Rappresenterebbe ancora l’esistenza di “elementi certi e precisi” la condizione data dal fatto che il diritto alla riscossione del credito sia prescritto, mentre per i soggetti che redigono il bilancio in base ai principi contabili internazionali di cui al regolamento CE n. 1606/2002 del Parlamento europeo e del Consiglio del 19 luglio 2002, gli elementi certi e precisi sussistono inoltre in caso di cancellazione dei crediti dal bilancio operata in dipendenza di eventi estintivi.
Ricapitolando con la nuova disposizione si avrebbe: per le procedure concorsuali la determinazione della data che è quanto serve per potere effettuare lo scarico a concorrenza di quanto andrebbe perduto; la dimensione del credito che consente ugualmente l’abbattimento, restando però fuori da ogni determinazione i crediti maggiori della soglia indicata; i crediti prescritti.
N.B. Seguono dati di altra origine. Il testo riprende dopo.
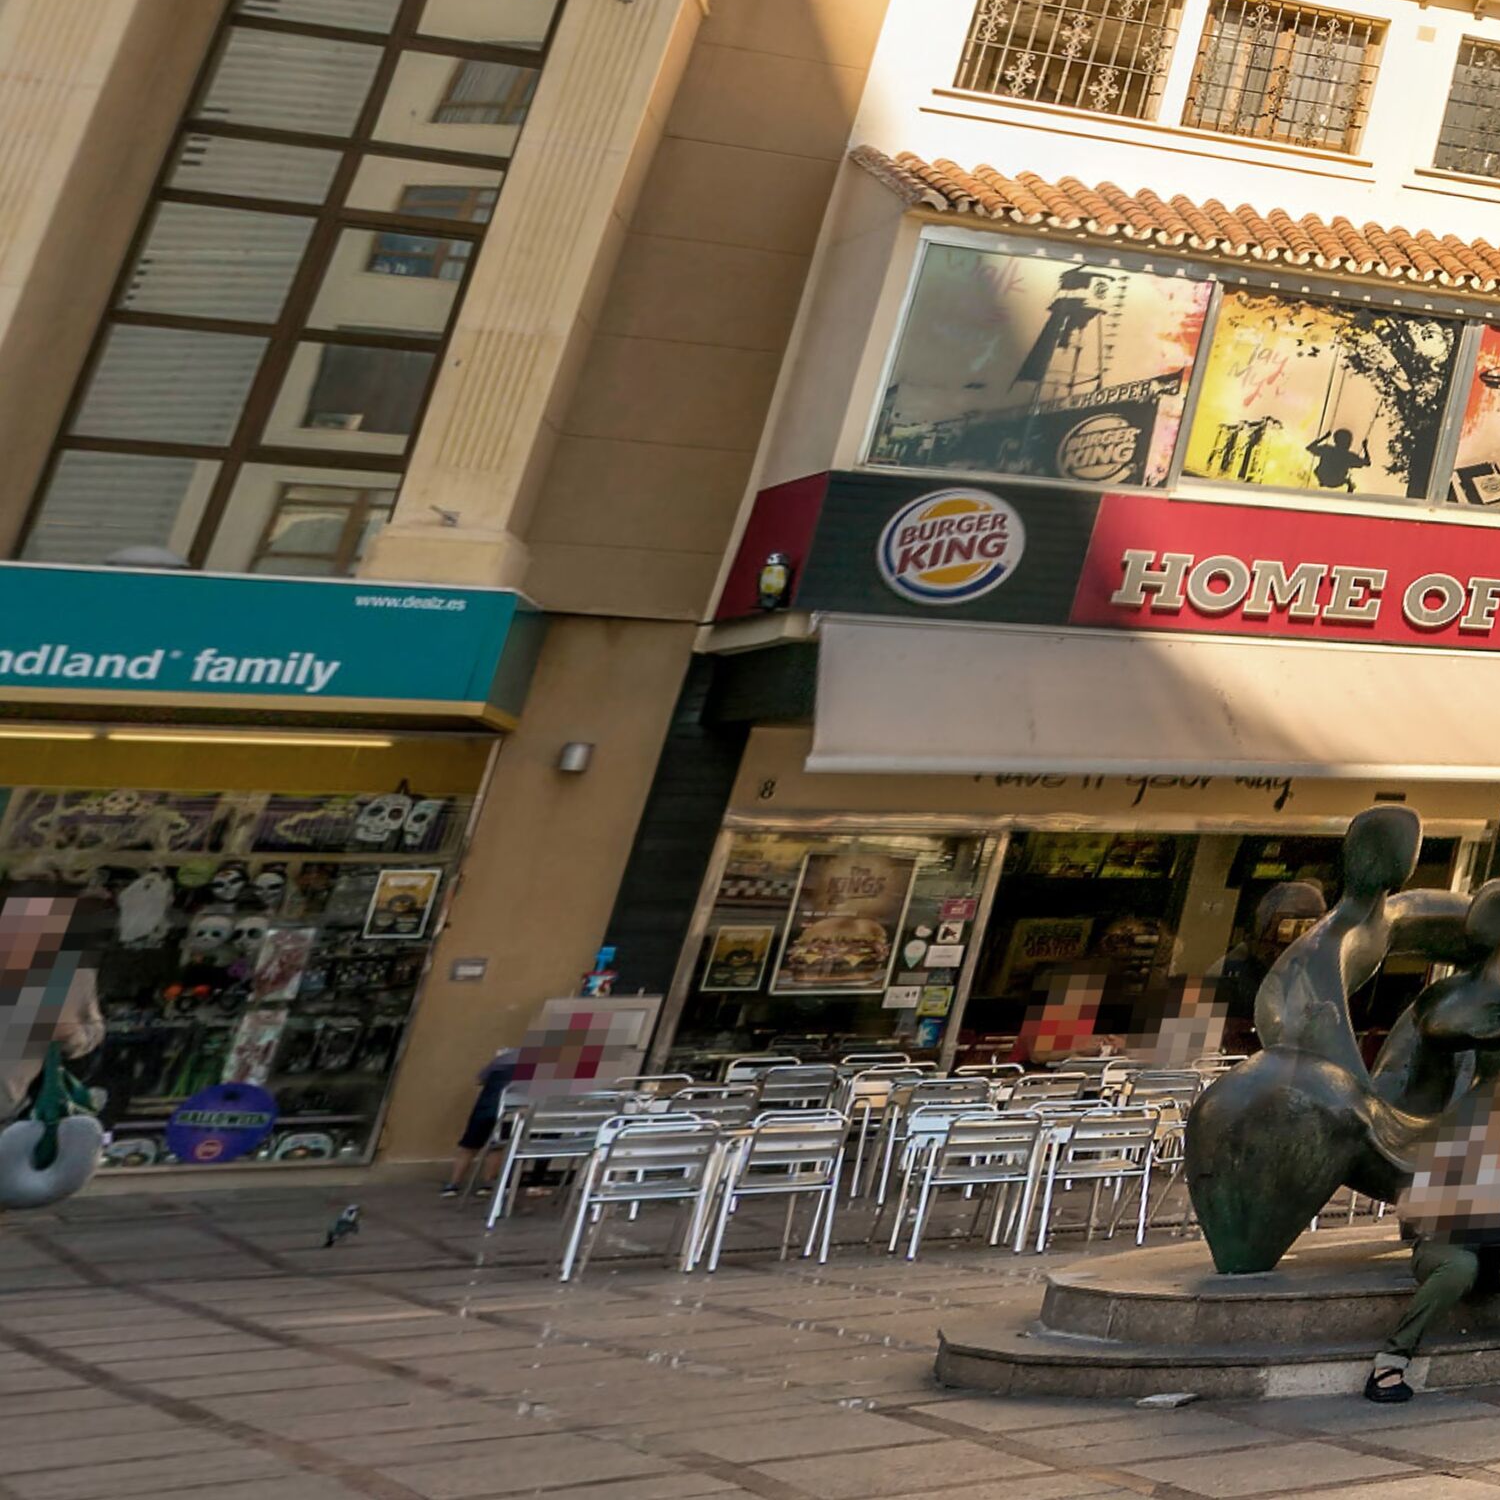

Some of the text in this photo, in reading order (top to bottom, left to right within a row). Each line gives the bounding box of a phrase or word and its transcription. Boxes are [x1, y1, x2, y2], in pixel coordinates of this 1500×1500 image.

[1069, 426, 1141, 449] BURGER
[1066, 441, 1137, 467] KING
[900, 512, 1009, 547] BURGER
[896, 537, 1011, 575] KING
[1110, 547, 1388, 621] HOME
[354, 593, 467, 612] www.dealz.es
[190, 647, 341, 693] family
[760, 779, 776, 800] 8
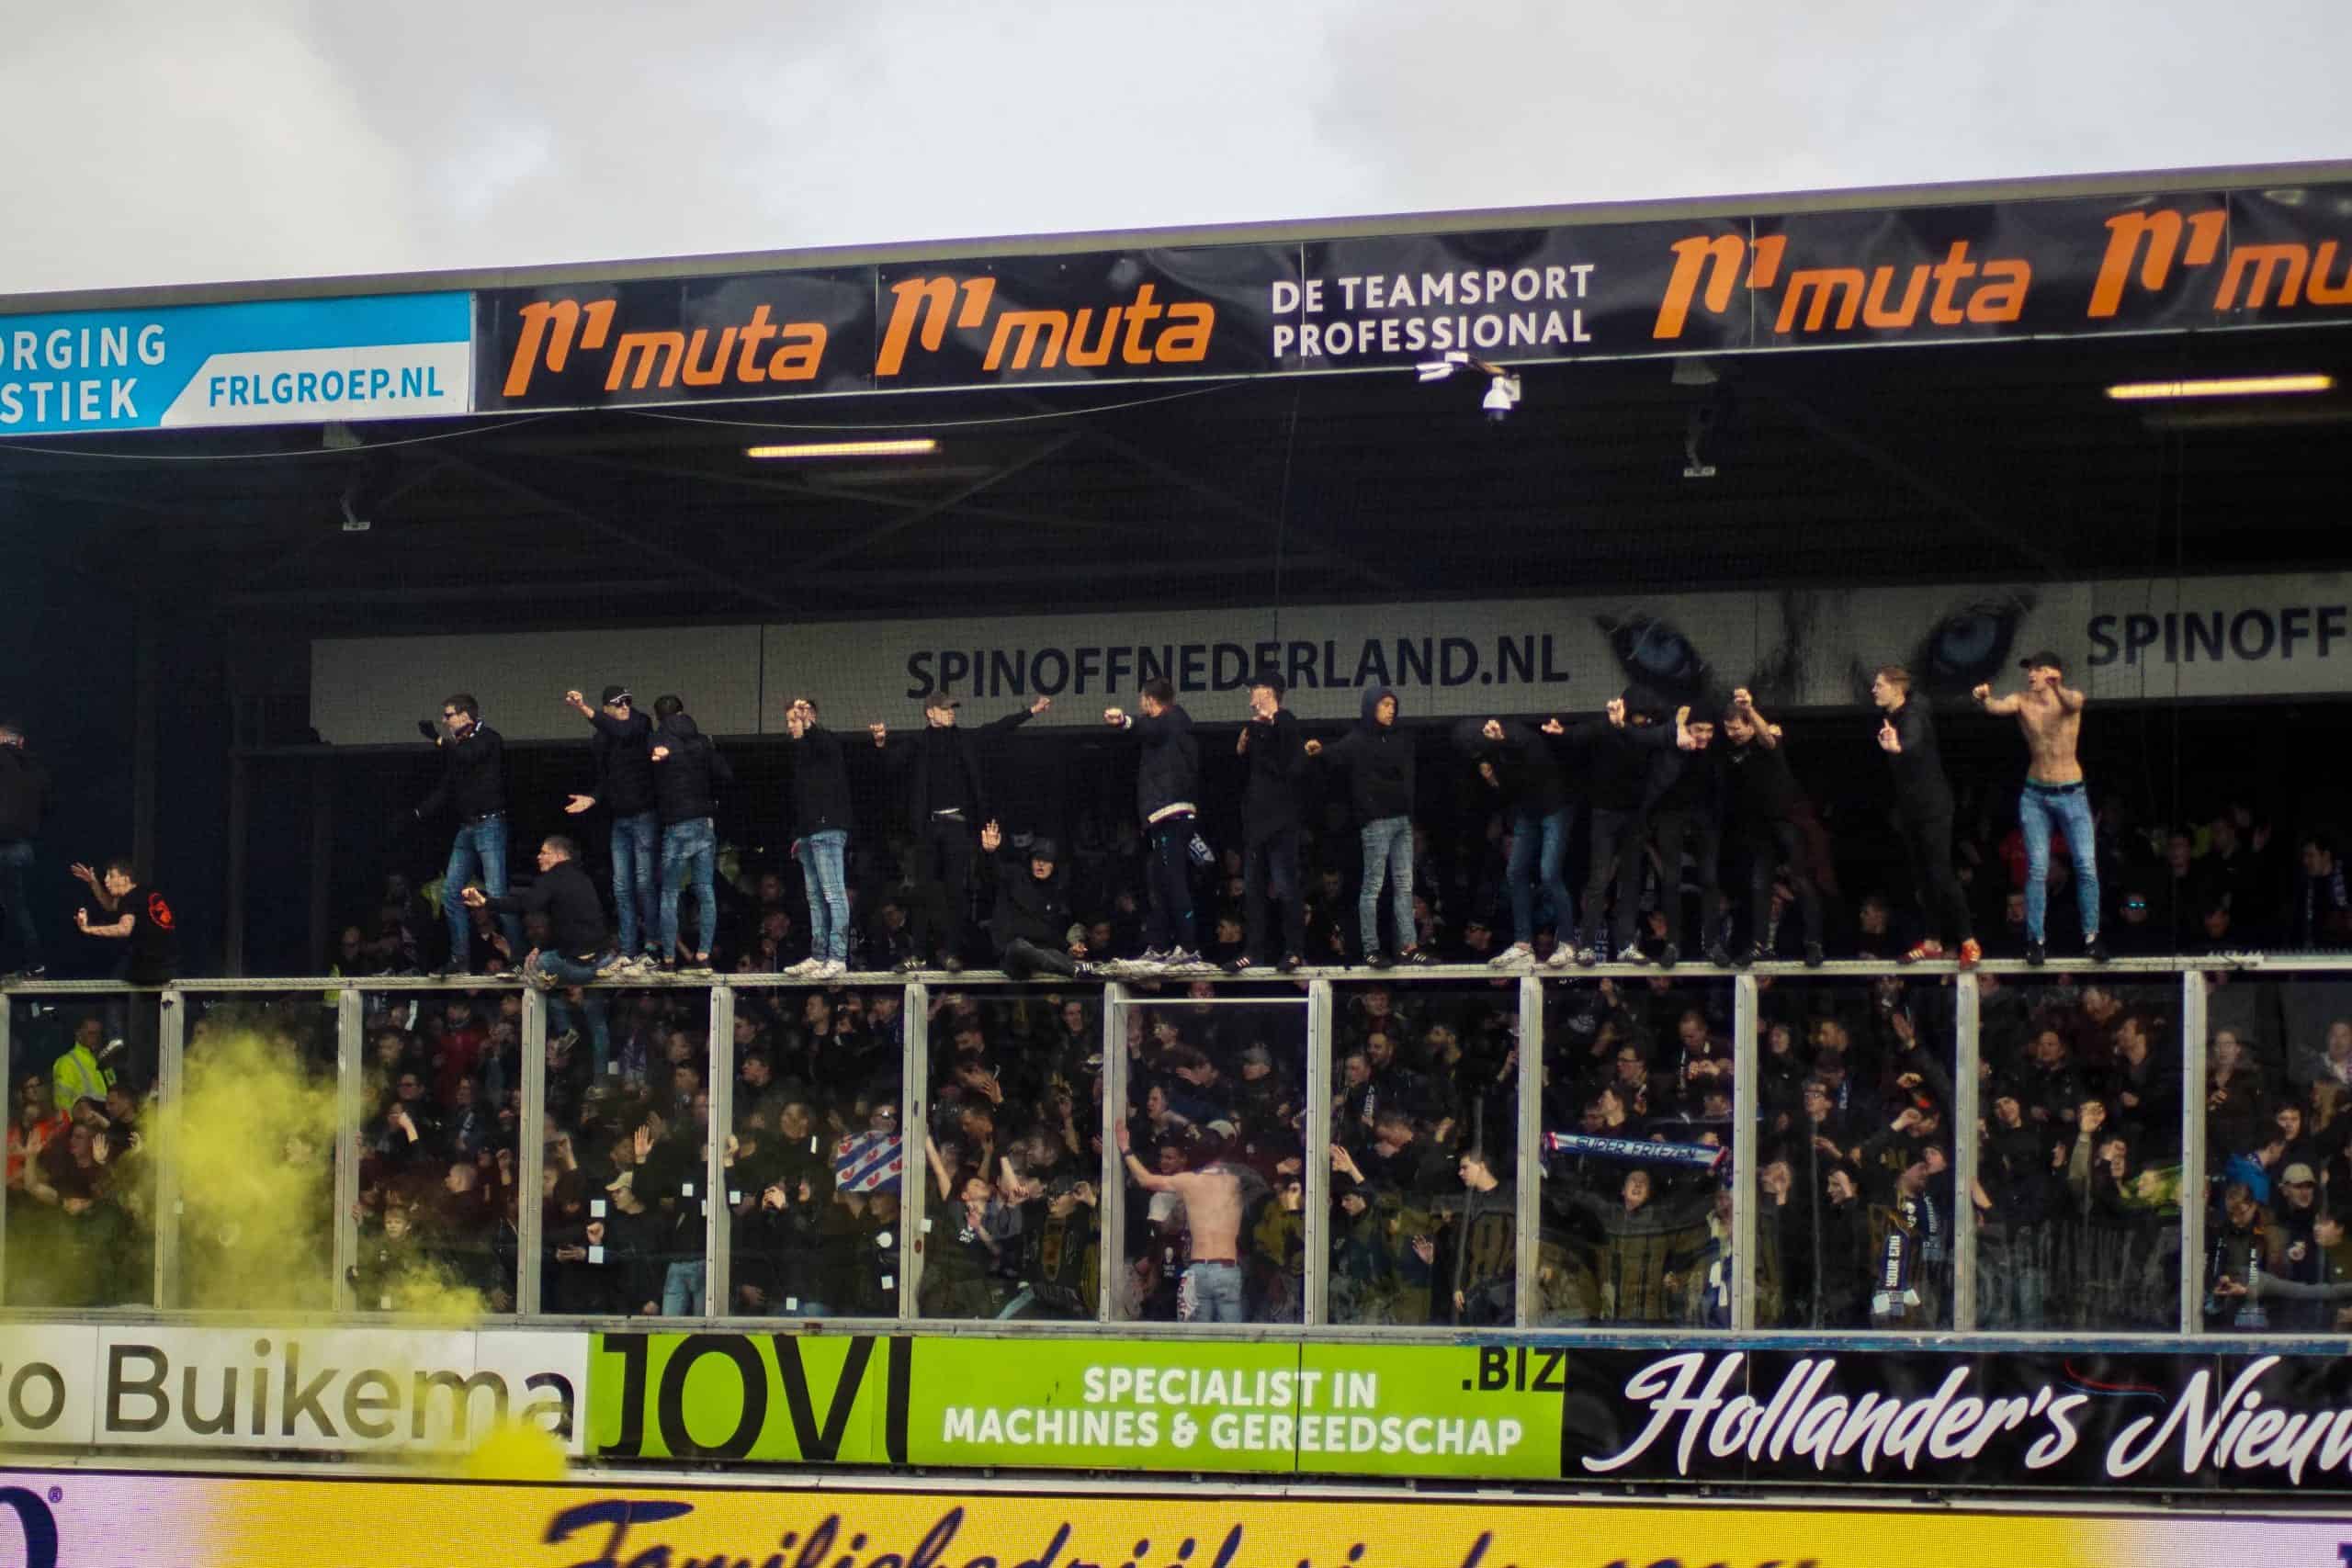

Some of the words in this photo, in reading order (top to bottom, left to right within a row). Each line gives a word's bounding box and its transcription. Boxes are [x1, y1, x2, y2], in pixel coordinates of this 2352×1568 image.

[1272, 279, 1324, 314] DE
[1338, 264, 1595, 310] TEAMSPORT
[1775, 241, 2031, 333] muta
[0, 324, 165, 370] RGING
[605, 304, 828, 390] muta
[983, 284, 1216, 371] muta
[1273, 309, 1591, 357] PROFESSIONAL
[209, 367, 444, 408] FRLGROEP.NL
[907, 634, 1569, 700] SPINOFFNEDERLAND.NL
[2086, 604, 2348, 667] SPINOFF
[0, 1361, 66, 1430] o
[105, 1338, 575, 1443] Buikema
[597, 1334, 912, 1463] JOVI
[1083, 1366, 1322, 1408] SPECIALIST
[1333, 1371, 1376, 1409] IN
[1462, 1347, 1566, 1393] .BIZ
[943, 1406, 1159, 1447] MACHINES
[1170, 1411, 1199, 1449] &
[1210, 1412, 1522, 1456] GEREEDSCHAP
[1582, 1351, 2088, 1475] Hollander's
Se i crediti sono importanti, è ovvio che il creditore non trascurerà iniziative e la loro prescrizione non dovrebbe realizzarsi con frequenza; sono queste due categorie residue, ma non residuali, che pongono ancora il problema del loro trattamento.
Per le conclusioni riteniamo di richiamare quanto già illustrato nel precedente commento, aggiungendo che la categoria dei crediti prescritti è solo all’apparenza chiara.
Se da un lato è ovvio che un credito, se è prescritto, non ha oramai alcuna utilità, dall’altro se non è piccolo, pone anche il tema della valutazione dell’inerzia che ha portato alla scadenza dei termini senza che si sia operato per il recupero. Questo comportamento antieconomico, che ha realizzato una perdita, come nei casi di rinunzia, richiede che sussistano ai fini della deducibilità i requisiti della inerenza e dell’inevitabilità. Dovrà quindi l’imprenditore avere operato per il recupero, anche se il costo non può ritenersi giustificato, ma che va sostenuto per consentire l’abbattimento.
Riteniamo poi che all’infruttuosità del tentativo di recupero il concorso della successiva prescrizione consenta di chiudere definitivamente e in modo insuscettibile di altri sindacati la posizione.